Work to be completed »
With no additions or omissions, print the listing that follows.

Data for this exercise »
*** Begin section ***

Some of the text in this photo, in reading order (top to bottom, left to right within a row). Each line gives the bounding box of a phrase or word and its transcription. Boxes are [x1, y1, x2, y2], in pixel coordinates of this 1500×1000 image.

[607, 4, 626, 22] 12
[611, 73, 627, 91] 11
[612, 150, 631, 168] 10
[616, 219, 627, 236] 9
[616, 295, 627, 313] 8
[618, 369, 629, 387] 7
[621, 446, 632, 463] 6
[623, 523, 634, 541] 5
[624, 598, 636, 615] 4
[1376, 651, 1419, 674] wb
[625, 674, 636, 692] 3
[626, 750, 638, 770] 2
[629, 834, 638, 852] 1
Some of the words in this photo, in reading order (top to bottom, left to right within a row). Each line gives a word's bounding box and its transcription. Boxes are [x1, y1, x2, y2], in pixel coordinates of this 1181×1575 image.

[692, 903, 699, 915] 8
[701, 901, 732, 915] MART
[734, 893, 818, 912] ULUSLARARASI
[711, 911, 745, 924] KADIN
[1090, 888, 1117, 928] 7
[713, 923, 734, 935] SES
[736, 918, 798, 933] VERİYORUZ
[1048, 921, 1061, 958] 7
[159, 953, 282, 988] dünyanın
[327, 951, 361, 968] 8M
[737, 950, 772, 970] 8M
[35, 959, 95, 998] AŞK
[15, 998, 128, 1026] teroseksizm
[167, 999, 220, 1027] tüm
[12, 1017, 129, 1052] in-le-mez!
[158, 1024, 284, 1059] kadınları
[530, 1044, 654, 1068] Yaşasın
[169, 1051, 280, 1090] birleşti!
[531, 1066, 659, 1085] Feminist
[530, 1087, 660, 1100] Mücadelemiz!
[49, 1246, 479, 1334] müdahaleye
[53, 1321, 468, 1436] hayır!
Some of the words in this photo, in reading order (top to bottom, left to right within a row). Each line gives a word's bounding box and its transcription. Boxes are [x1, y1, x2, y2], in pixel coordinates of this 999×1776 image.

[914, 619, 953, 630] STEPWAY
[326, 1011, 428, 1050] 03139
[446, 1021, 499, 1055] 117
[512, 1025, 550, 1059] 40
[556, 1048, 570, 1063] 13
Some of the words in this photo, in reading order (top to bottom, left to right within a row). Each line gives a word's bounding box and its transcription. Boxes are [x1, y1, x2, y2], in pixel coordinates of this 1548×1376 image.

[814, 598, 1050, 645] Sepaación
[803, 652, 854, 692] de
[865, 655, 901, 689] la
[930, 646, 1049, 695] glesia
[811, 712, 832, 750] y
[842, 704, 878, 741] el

*** End section ***

Solution to the problem »
Some of the text in this photo, in reading order (top to bottom, left to right within a row). Each line gives the bounding box of a phrase or word and its transcription. Boxes are [x1, y1, x2, y2], in pixel coordinates of this 1500×1000 image.

[607, 4, 626, 22] 12
[611, 73, 627, 91] 11
[612, 150, 631, 168] 10
[616, 219, 627, 236] 9
[616, 295, 627, 313] 8
[618, 369, 629, 387] 7
[621, 446, 632, 463] 6
[623, 523, 634, 541] 5
[624, 598, 636, 615] 4
[1376, 651, 1419, 674] wb
[625, 674, 636, 692] 3
[626, 750, 638, 770] 2
[629, 834, 638, 852] 1
Some of the words in this photo, in reading order (top to bottom, left to right within a row). Each line gives a word's bounding box and its transcription. Boxes are [x1, y1, x2, y2], in pixel coordinates of this 1181×1575 image.

[692, 903, 699, 915] 8
[701, 901, 732, 915] MART
[734, 893, 818, 912] ULUSLARARASI
[711, 911, 745, 924] KADIN
[1090, 888, 1117, 928] 7
[713, 923, 734, 935] SES
[736, 918, 798, 933] VERİYORUZ
[1048, 921, 1061, 958] 7
[159, 953, 282, 988] dünyanın
[327, 951, 361, 968] 8M
[737, 950, 772, 970] 8M
[35, 959, 95, 998] AŞK
[15, 998, 128, 1026] teroseksizm
[167, 999, 220, 1027] tüm
[12, 1017, 129, 1052] in-le-mez!
[158, 1024, 284, 1059] kadınları
[530, 1044, 654, 1068] Yaşasın
[169, 1051, 280, 1090] birleşti!
[531, 1066, 659, 1085] Feminist
[530, 1087, 660, 1100] Mücadelemiz!
[49, 1246, 479, 1334] müdahaleye
[53, 1321, 468, 1436] hayır!
Some of the words in this photo, in reading order (top to bottom, left to right within a row). Each line gives a word's bounding box and its transcription. Boxes are [x1, y1, x2, y2], in pixel coordinates of this 999×1776 image.

[914, 619, 953, 630] STEPWAY
[326, 1011, 428, 1050] 03139
[446, 1021, 499, 1055] 117
[512, 1025, 550, 1059] 40
[556, 1048, 570, 1063] 13
Some of the words in this photo, in reading order (top to bottom, left to right within a row). Each line gives a word's bounding box and its transcription. Boxes are [x1, y1, x2, y2], in pixel coordinates of this 1548×1376 image.

[814, 598, 1050, 645] Sepaación
[803, 652, 854, 692] de
[865, 655, 901, 689] la
[930, 646, 1049, 695] glesia
[811, 712, 832, 750] y
[842, 704, 878, 741] el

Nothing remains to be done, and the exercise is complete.